I smiled and texted:
You're a lucky dude to have found me!
But it wasn't luck, it was a gift; him to me and me to him. And we responded to the gift, naturally. Responding not just in bed, but in life. A glass of iced tea brought to his office. And laughter. Him, running back into the house to grab my purse from the counter. Me, arranging that front closet that overflows each time he reaches for a coat. More than flowers, though flowers are wonderful, he served me. And I returned the favor. Responding and responding again and again, like water spilling over the falls, no choice just the flow, in the early days of marriage.
Then suddenly the gift ceased to feel like a gift, and responding to one another felt more like work. Hard work.
Last week I wrote a post entitled, "My Husband Never..." where I acknowledged this phenomenon; when the gift is exchanged for a burden to endure, and our in-love responses give way to dead air between lips, between sheets, between hands.

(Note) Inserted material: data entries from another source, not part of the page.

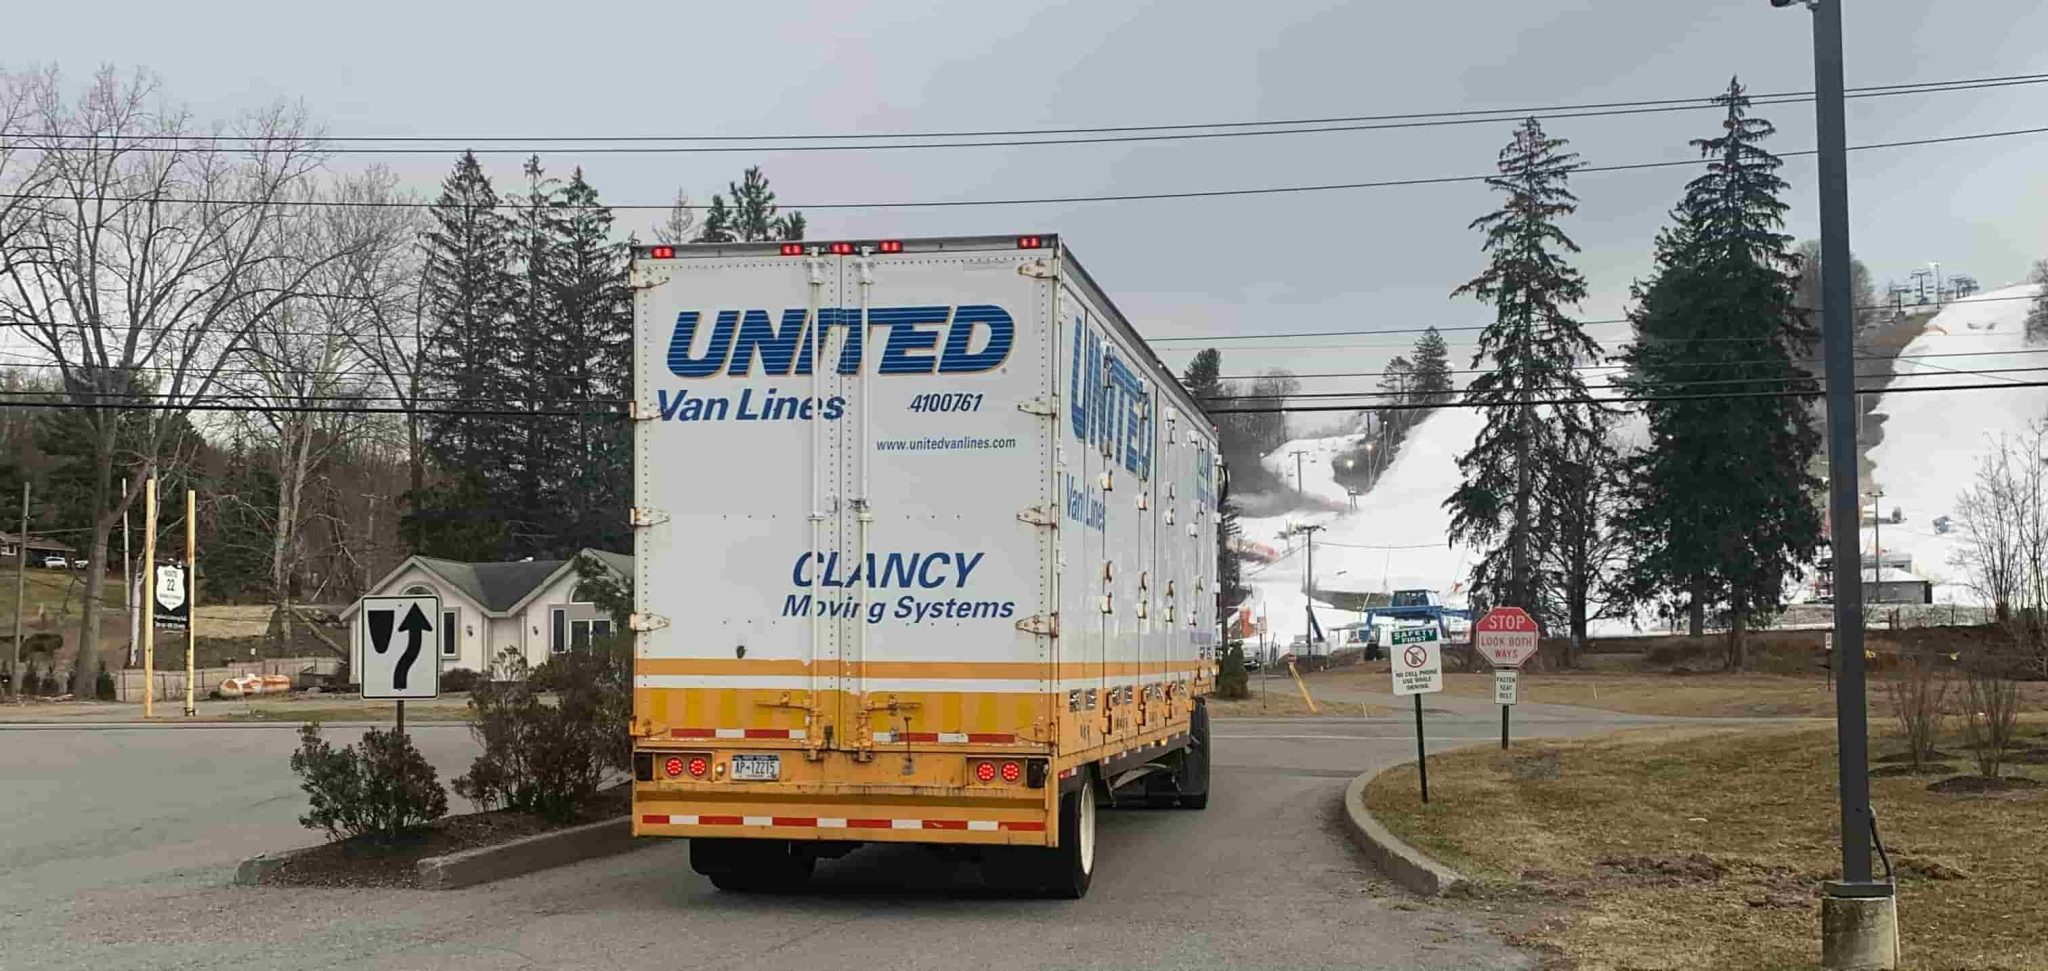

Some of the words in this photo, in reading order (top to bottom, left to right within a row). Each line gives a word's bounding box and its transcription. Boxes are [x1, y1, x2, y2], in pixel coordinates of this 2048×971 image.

[667, 304, 1016, 379] UNITED
[658, 389, 729, 421] Van
[735, 388, 846, 421] Lines
[910, 393, 983, 413] 4100761
[876, 436, 1017, 451] www.unitedvanlines.com
[792, 551, 985, 588] CLANCY
[167, 578, 175, 592] 22
[782, 594, 886, 624] Moving
[894, 596, 1016, 624] Systems
[1489, 615, 1526, 630] STOP
[1393, 629, 1436, 640] SAFETY
[1481, 637, 1505, 647] LOOK
[1509, 637, 1533, 647] BOTH
[1495, 649, 1518, 659] WAYS

I'm no professional, nor a licensed marriage therapist, but I'm hanging on to my marriage for dear life after saying I do. After saying, in our pastor's office that first pre-married counseling session, "I won't divorce him, but I won't be a martyr either." I'd been raised by the first, witnessed plenty of the other, and knew down deep God's plan was for something more. Thirteen years into marriage and I'm starting to get it.
Marriage is an act of will.
Some couples believe that the end of the in-love experience means they have only two options: resign themselves to a life of misery with their spouse, or jump ship and try again. Our generation has opted for the latter, whereas an earlier generation often chose the former... Research seems to indicate that there is a third and better alternative: We can recognize the in-love experience for what it was -- a temporary emotional high -- and now pursue "real love" with our spouse... It involves an act of the will and requires discipline, and it recognizes the need for personal growth. Our most basic emotional need is not to fall in love but to be genuinely loved by another, to know a love that grows out of reason and choice, not instinct...

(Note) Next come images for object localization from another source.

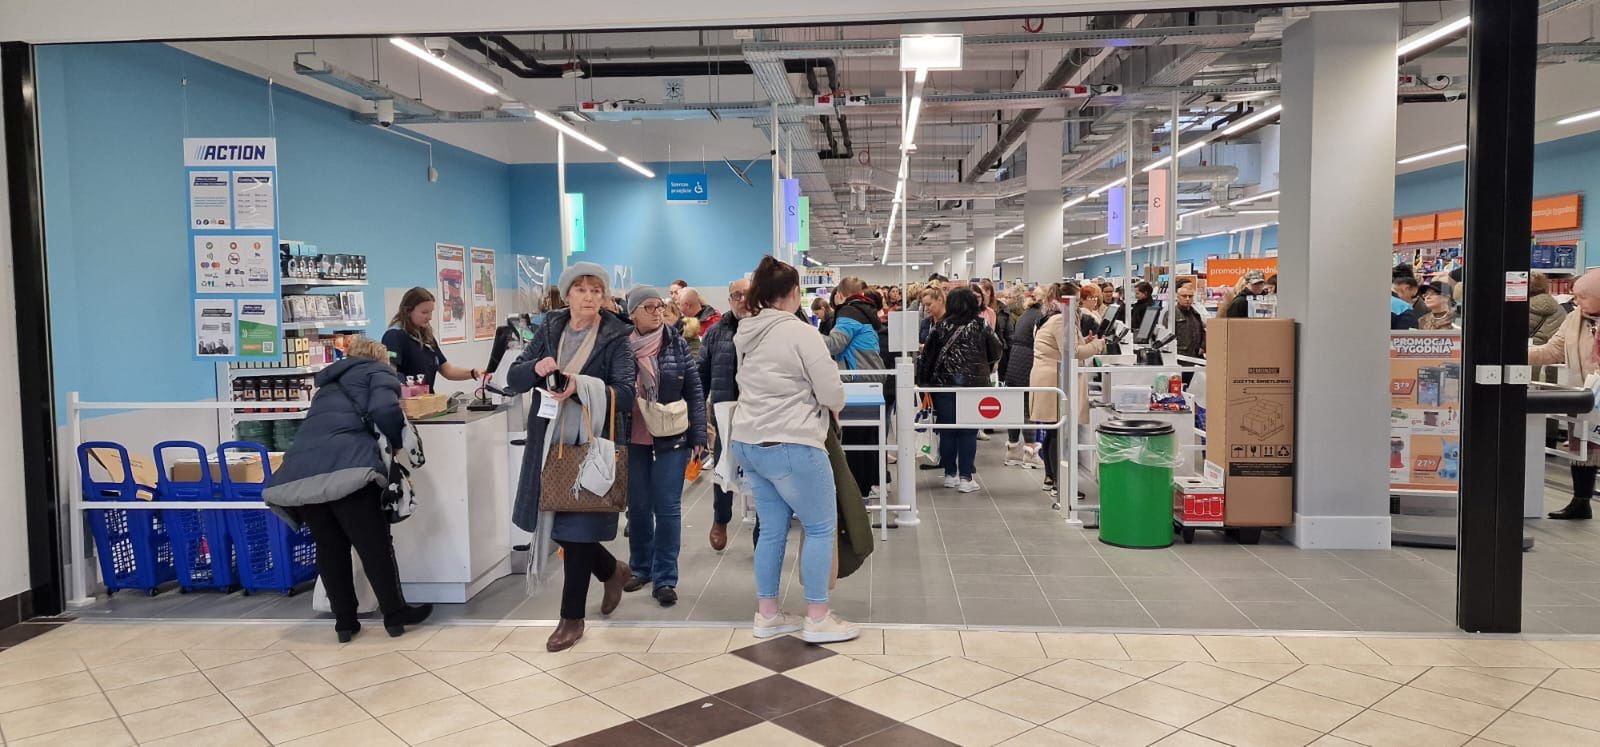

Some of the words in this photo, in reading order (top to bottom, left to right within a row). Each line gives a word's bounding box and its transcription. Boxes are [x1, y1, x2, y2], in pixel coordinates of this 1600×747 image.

[204, 145, 266, 160] ACTION
[1210, 266, 1245, 276] promocja
[1393, 338, 1453, 346] PROMOCJA
[1396, 345, 1451, 353] TYGODNIA
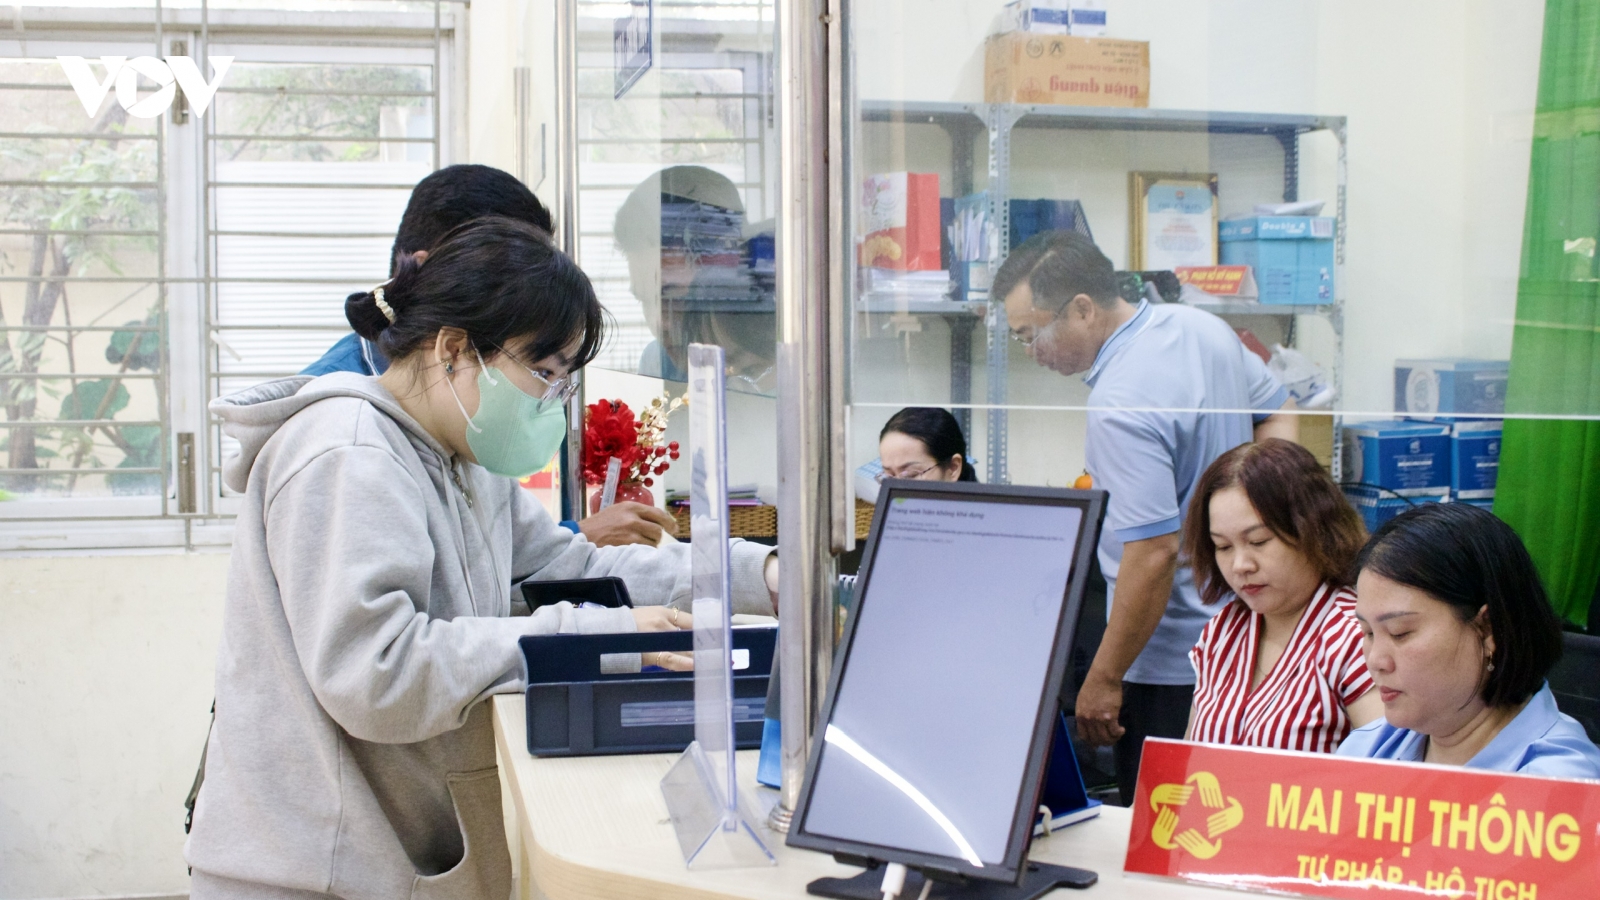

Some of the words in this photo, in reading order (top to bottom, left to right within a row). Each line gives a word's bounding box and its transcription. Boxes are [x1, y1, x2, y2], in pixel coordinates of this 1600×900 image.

[1266, 783, 1342, 834] MAI
[1355, 792, 1416, 858] THỊ
[1429, 793, 1581, 862] THÔNG
[1333, 858, 1403, 891] PHÁP

That kind of love requires effort and discipline.
(Gary Chapman, The Five Love Languages)
The in-love high that reaches out multiple times each day and night wasn't ever meant to endure, as magnificent as it is. At it's end is where real love begins. But if we do not survive the exchange, then there is nothing. Dead air.
That obsession was not meant to last forever. In the textbook of marriage, it is but the introduction. The heart of the book is rational, volitional love. That is the kind of love to which the sages have always called us. It is intentional."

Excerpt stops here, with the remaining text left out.